Sa prose aborde des sujets graves où pointe souvent l'humour, derrière l'élégance du style: précise et délicate, elliptique, sa plume exprime à merveille les sentiments les plus troubles. En amoureux de la marche, Adatte investit également une certaine «géographie littéraire», à la fois existentielle et bien réelle. Ses auteurs fétiches sont Marcel Proust, Franz Kafka, Louis-Ferdinand Céline, William Faulkner et Thomas Bernhard. Au sommet en poésie, il cite Les Chimères de Nerval. Et quelques incontournables: Baudelaire, Rimbaud, Apollinaire et Jaccottet. CO
Un homme simple
Ce matin on a incinéré Laure.
J'ai demandé que pendant une semaine au moins on me laisse absolument seul, hors de toute atteinte meurtrière par visite, téléphone, e-mail ou SMS. Ma fille et mon fils avaient l'air contrariés : ils pensent probablement que je leur dois des comptes, que ma dérobade est une fuite déguisée.

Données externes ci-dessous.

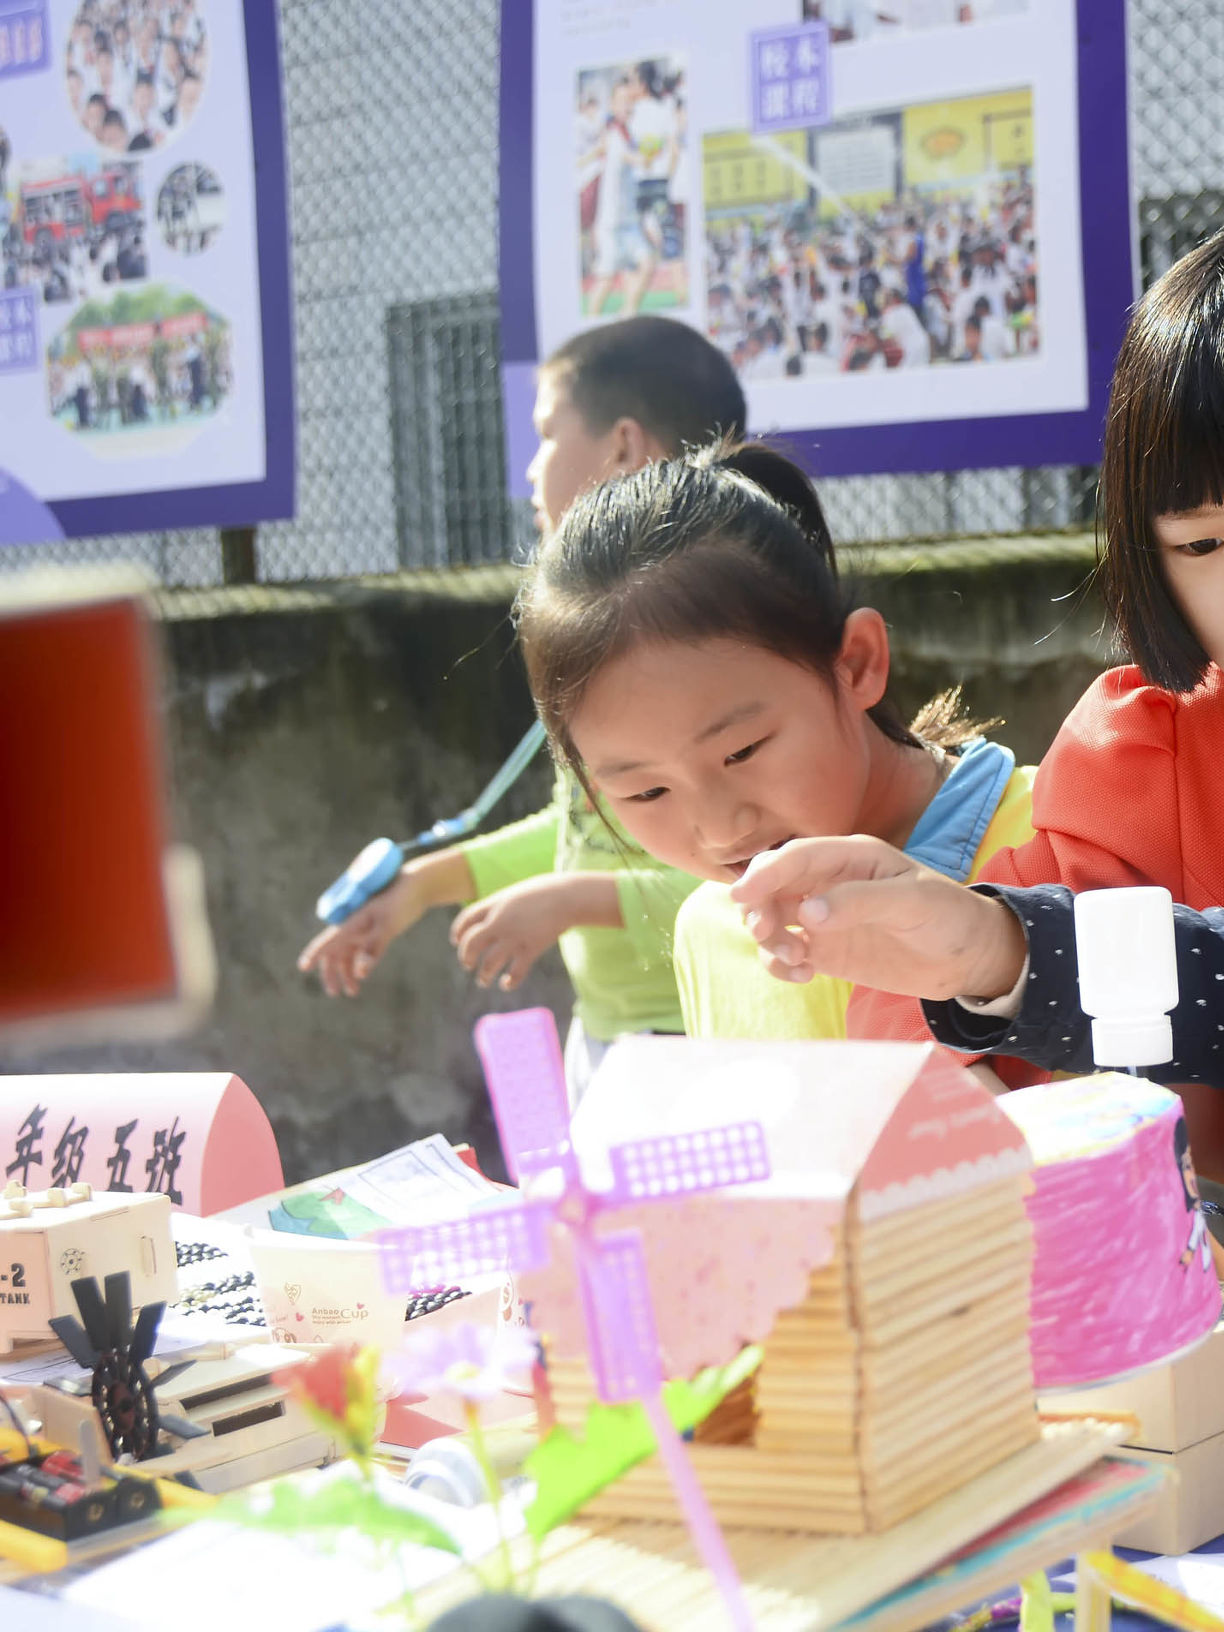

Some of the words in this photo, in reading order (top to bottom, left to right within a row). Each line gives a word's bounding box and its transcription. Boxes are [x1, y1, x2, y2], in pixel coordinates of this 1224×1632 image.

[5, 1103, 187, 1206] 年级五班
[0, 1292, 31, 1305] TANK
[340, 1308, 369, 1320] Cup

C'est possible. Je peux être lâche comme tout le monde. Mais qu'est-ce que ça change puisque je n'ai rien à leur dire ?
Tu n'avais pas vu ton médecin depuis près d'une année. La dernière visite s'était conclue sur un sourire du praticien : contrôles excellents, hygiène de vie apparemment irréprochable. Continuez, chère madame, la santé n'a pas de prix.
Tu n'a pas continué.
Avais-tu consulté ailleurs ? Affronté un diagnostic sans espoir, dont tu ne m'aurais rien dit? Difficile de l'admettre quand l'autopsie ne révèle rien d'autre que la dose mortelle des barbituriques absorbés.
Tu n'as pas laissé le moindre mot d'explication. C'est si cruel, cela te ressemble si peu que j'exclus une préméditation totale. Certes tu t'étais procuré ce qu'il fallait, depuis quand je l'ignore, mais c'est un coup de tête imprévisible qui aura décidé du moment.
Ma solitude brutale n'échappe pas à la règle : je te découvre partout parce que tu n'es plus là. A ton lever, à ton coucher, à la cuisine, à notre table, à ton fauteuil, à la lecture de tes livres, à l'écoute de ta musique. Plus jeune, plus belle, plus souriante. Illusion sans doute, mensonge inlassable du deuil à peine entamé.
A moins que seule l'absence dise le vrai, à moins que sans le savoir je t'aie quand tu vivais réduite à un fantôme ou à un corps utile mais inhabité. A cette pensée je crève la bulle de ton image. Tu te retires, la maison devient immense, un désert dont la seule, la dérisoire porte de sortie consiste à questionner le vide, à lui faire rendre raison de ta disparition.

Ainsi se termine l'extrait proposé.